## Problem requirements
Below are some records; return each one exactly.
Segment Start: Task material
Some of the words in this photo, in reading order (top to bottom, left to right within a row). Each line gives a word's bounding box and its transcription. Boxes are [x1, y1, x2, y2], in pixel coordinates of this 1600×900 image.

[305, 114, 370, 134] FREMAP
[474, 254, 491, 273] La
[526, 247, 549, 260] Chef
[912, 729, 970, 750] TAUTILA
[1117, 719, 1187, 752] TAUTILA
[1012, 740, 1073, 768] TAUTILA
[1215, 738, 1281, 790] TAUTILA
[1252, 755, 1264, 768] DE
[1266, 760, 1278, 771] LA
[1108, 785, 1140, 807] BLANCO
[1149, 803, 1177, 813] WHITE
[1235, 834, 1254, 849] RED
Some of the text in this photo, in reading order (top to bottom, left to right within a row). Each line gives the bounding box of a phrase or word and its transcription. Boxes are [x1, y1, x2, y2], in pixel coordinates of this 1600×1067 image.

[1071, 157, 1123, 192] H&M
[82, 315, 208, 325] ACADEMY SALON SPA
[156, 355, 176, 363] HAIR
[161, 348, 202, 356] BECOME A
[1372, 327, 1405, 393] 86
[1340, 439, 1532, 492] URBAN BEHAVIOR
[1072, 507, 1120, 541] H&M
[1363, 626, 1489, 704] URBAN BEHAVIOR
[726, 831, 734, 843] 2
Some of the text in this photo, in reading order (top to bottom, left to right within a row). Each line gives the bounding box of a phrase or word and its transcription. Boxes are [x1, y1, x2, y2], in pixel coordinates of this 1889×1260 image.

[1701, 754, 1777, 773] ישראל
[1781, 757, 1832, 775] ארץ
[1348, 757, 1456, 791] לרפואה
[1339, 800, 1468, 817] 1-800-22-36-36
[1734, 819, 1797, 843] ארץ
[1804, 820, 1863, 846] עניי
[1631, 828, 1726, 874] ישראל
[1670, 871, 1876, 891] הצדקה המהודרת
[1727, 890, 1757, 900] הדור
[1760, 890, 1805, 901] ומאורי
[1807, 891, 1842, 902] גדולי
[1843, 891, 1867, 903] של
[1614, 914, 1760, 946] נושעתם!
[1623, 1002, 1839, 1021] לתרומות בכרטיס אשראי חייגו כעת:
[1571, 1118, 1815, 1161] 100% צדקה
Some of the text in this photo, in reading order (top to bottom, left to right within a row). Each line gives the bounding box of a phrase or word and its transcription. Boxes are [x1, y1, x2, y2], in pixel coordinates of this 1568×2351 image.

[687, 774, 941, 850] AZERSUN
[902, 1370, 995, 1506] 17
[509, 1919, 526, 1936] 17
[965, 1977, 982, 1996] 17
Segment End: Task material
## Answer to this task
Some of the words in this photo, in reading order (top to bottom, left to right within a row). Each line gives a word's bounding box and its transcription. Boxes are [x1, y1, x2, y2], in pixel coordinates of this 1600×900 image.

[305, 114, 370, 134] FREMAP
[474, 254, 491, 273] La
[526, 247, 549, 260] Chef
[912, 729, 970, 750] TAUTILA
[1117, 719, 1187, 752] TAUTILA
[1012, 740, 1073, 768] TAUTILA
[1215, 738, 1281, 790] TAUTILA
[1252, 755, 1264, 768] DE
[1266, 760, 1278, 771] LA
[1108, 785, 1140, 807] BLANCO
[1149, 803, 1177, 813] WHITE
[1235, 834, 1254, 849] RED
Some of the text in this photo, in reading order (top to bottom, left to right within a row). Each line gives the bounding box of a phrase or word and its transcription. Boxes are [x1, y1, x2, y2], in pixel coordinates of this 1600×1067 image.

[1071, 157, 1123, 192] H&M
[82, 315, 208, 325] ACADEMY SALON SPA
[156, 355, 176, 363] HAIR
[161, 348, 202, 356] BECOME A
[1372, 327, 1405, 393] 86
[1340, 439, 1532, 492] URBAN BEHAVIOR
[1072, 507, 1120, 541] H&M
[1363, 626, 1489, 704] URBAN BEHAVIOR
[726, 831, 734, 843] 2
Some of the text in this photo, in reading order (top to bottom, left to right within a row). Each line gives the bounding box of a phrase or word and its transcription. Boxes are [x1, y1, x2, y2], in pixel coordinates of this 1889×1260 image.

[1701, 754, 1777, 773] ישראל
[1781, 757, 1832, 775] ארץ
[1348, 757, 1456, 791] לרפואה
[1339, 800, 1468, 817] 1-800-22-36-36
[1734, 819, 1797, 843] ארץ
[1804, 820, 1863, 846] עניי
[1631, 828, 1726, 874] ישראל
[1670, 871, 1876, 891] הצדקה המהודרת
[1727, 890, 1757, 900] הדור
[1760, 890, 1805, 901] ומאורי
[1807, 891, 1842, 902] גדולי
[1843, 891, 1867, 903] של
[1614, 914, 1760, 946] נושעתם!
[1623, 1002, 1839, 1021] לתרומות בכרטיס אשראי חייגו כעת:
[1571, 1118, 1815, 1161] 100% צדקה
Some of the text in this photo, in reading order (top to bottom, left to right within a row). Each line gives the bounding box of a phrase or word and its transcription. Boxes are [x1, y1, x2, y2], in pixel coordinates of this 1568×2351 image.

[687, 774, 941, 850] AZERSUN
[902, 1370, 995, 1506] 17
[509, 1919, 526, 1936] 17
[965, 1977, 982, 1996] 17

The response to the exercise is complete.